MPU6050 Accelerometer: Seamless Connection to Arduino Explained

During our childhood, the gyroscopes showcased at science fairs never ceased to captivate us with their peculiar movements, seemingly defying gravity. Their distinctive qualities render them indispensable in various applications, ranging from small RC helicopters to the sophisticated navigation systems aboard space shuttles.

In recent times, innovative engineers have successfully developed micromachined gyroscopes known as MEMS (microelectromechanical system) gyroscopes. These advancements have opened doors to a host of creative applications, including gesture recognition, enhanced gaming, augmented reality, panoramic photo capture, vehicle navigation, and fitness monitoring, among others.

Undoubtedly, gyroscopes and accelerometers exhibit exceptional qualities individually. However, when combined, they provide incredibly precise data about an object’s orientation. This is where the MPU6050 comes into play. The MPU6050 incorporates both a gyroscope and an accelerometer, enabling the measurement of rotation along all three axes, static acceleration due to gravity, and dynamic acceleration due to motion.

Before incorporating the MPU6050 Accelerometer into our Arduino project, it is beneficial to comprehend the workings of accelerometers and gyroscopes.

To comprehend the functioning of accelerometers, envision a ball situated within a 3D cube.

In the scenario where the cube exists in outer space, where weightlessness prevails, the ball will merely hover at the center of the cube.

Now, consider each wall representing a distinct axis.

If we abruptly shift the box to the left with an acceleration of 1g (where a single G-force 1g equals gravitational acceleration of 9.8 m/s²), the ball will inevitably collide with wall X. By measuring the force exerted by the ball on wall X, we can derive an output value of 1g along the X axis.

Let’s explore the situation when we place the cube on Earth. The ball will simply fall onto wall Z, exerting a force of 1g, as depicted in the diagram below:

In this instance, although the box remains stationary, we still register a 1g reading on the Z axis. This is because gravity, a form of acceleration, is pulling the ball downward with a force of 1g.

While this model doesn’t precisely mirror the construction of a real-world accelerometer sensor, it proves useful in understanding why an accelerometer’s output signal is typically specified in ±g, or why an accelerometer records 1g in the z-axis when at rest, and what accelerometer readings one can anticipate in various orientations.

In reality, accelerometers utilize Micro-Electro-Mechanical Systems (MEMS fabrication technology). Let’s delve into how a MEMS accelerometer operates.

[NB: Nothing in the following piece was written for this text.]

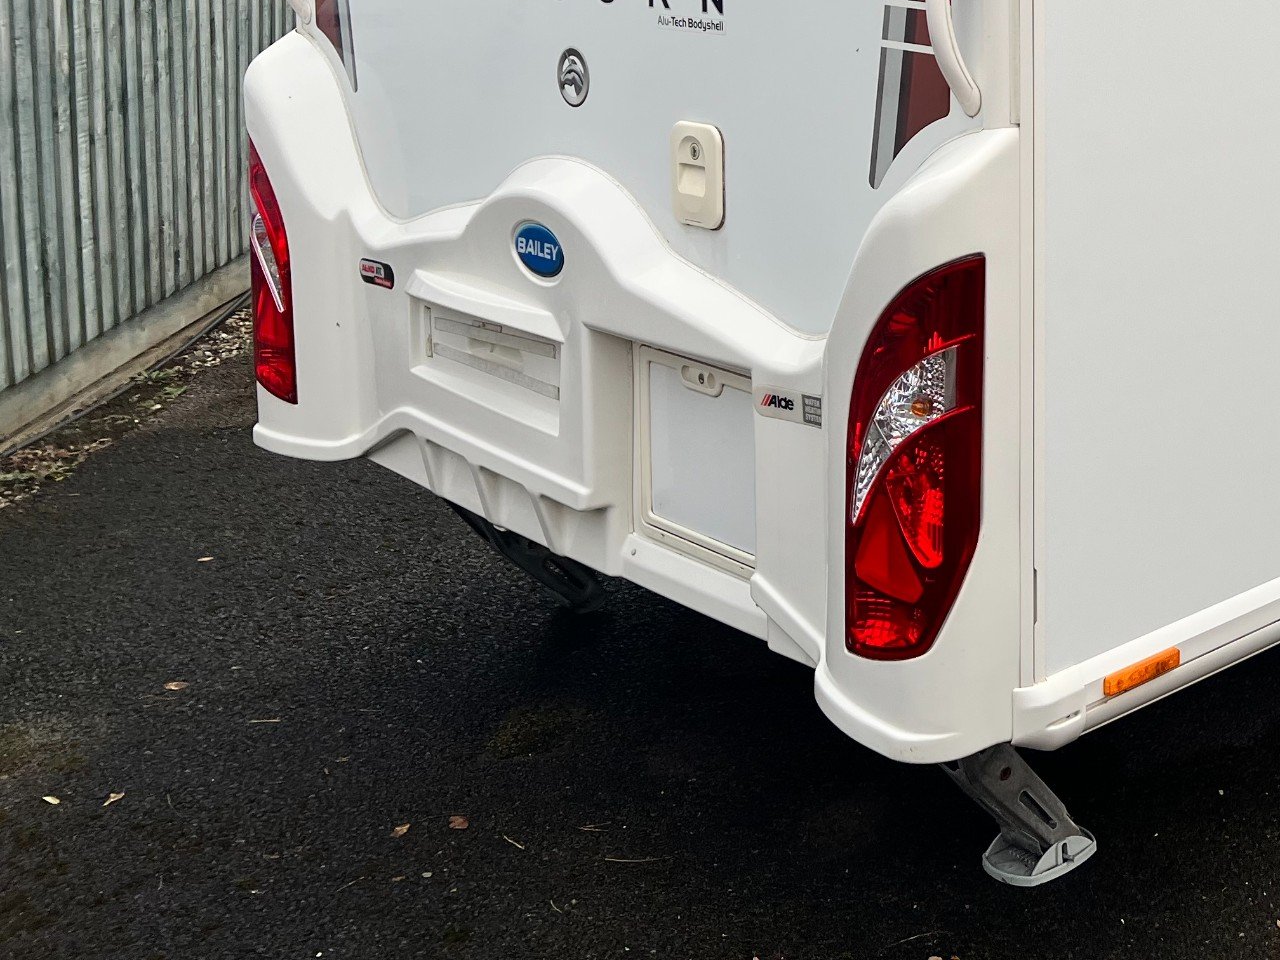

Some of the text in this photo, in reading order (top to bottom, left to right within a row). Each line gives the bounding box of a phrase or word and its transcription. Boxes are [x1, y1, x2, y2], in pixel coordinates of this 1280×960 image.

[657, 15, 724, 32] Alu-Tech Bodyshell
[517, 236, 559, 261] BAILEY
[768, 394, 795, 411] Alde

A MEMS (Micro-Electro-Mechanical System) accelerometer is a micro-machined structure constructed atop a silicon wafer.

This structure is suspended by polysilicon springs, enabling it to deflect when subjected to acceleration along the X, Y, and/or Z axes.

Upon deflection, the capacitance between fixed plates and those attached to the suspended structure undergoes alteration. This change in capacitance is directly proportional to the acceleration along the respective axis.

The sensor interprets this variation in capacitance and translates it into an analog output voltage.

The pinout for the MPU6050 module is outlined as follows:

• VCC: Supplies power to the module.
• GND: Ground pin.
• SCL: Serial clock pin for the I2C interface.
• SDA: Serial data pin for the I2C interface.
• XDA: External I2C data line. This facilitates the connection of external sensors, such as a magnetometer, via the external I2C bus.
• XCL: External I2C clock line.
• AD0: Permits the adjustment of the I2C address for the MPU6050 module. This feature helps prevent conflicts with other I2C devices or allows the connection of two MPU6050s to the same I2C bus. When the ADO pin is unconnected, the default I2C address is 0x68HEX; connecting it to 3.3V changes the I2C address to 0x69HEX.
• INT: Interrupt Output pin. The MPU6050 can be programmed to generate an interrupt upon detecting gestures, panning, zooming, scrolling, tap detection, and shake detection.

The wiring process is simple. Start by linking the VCC pin to the 5V output on the Arduino and the GND pin to the ground.

Next, focus on the pins designated for I2C communication. It's important to note that different Arduino boards have distinct I2C pins that must be connected accurately. On Arduino boards featuring the R3 layout, the SDA (data line) and SCL (clock line) can be found on the pin headers near the AREF pin. They are alternatively labeled as A5 (SCL) and A4 (SDA).

Here is a simple program that reads the linear acceleration, angular rotation, and temperature from the MPU6050 module and prints them on the serial monitor.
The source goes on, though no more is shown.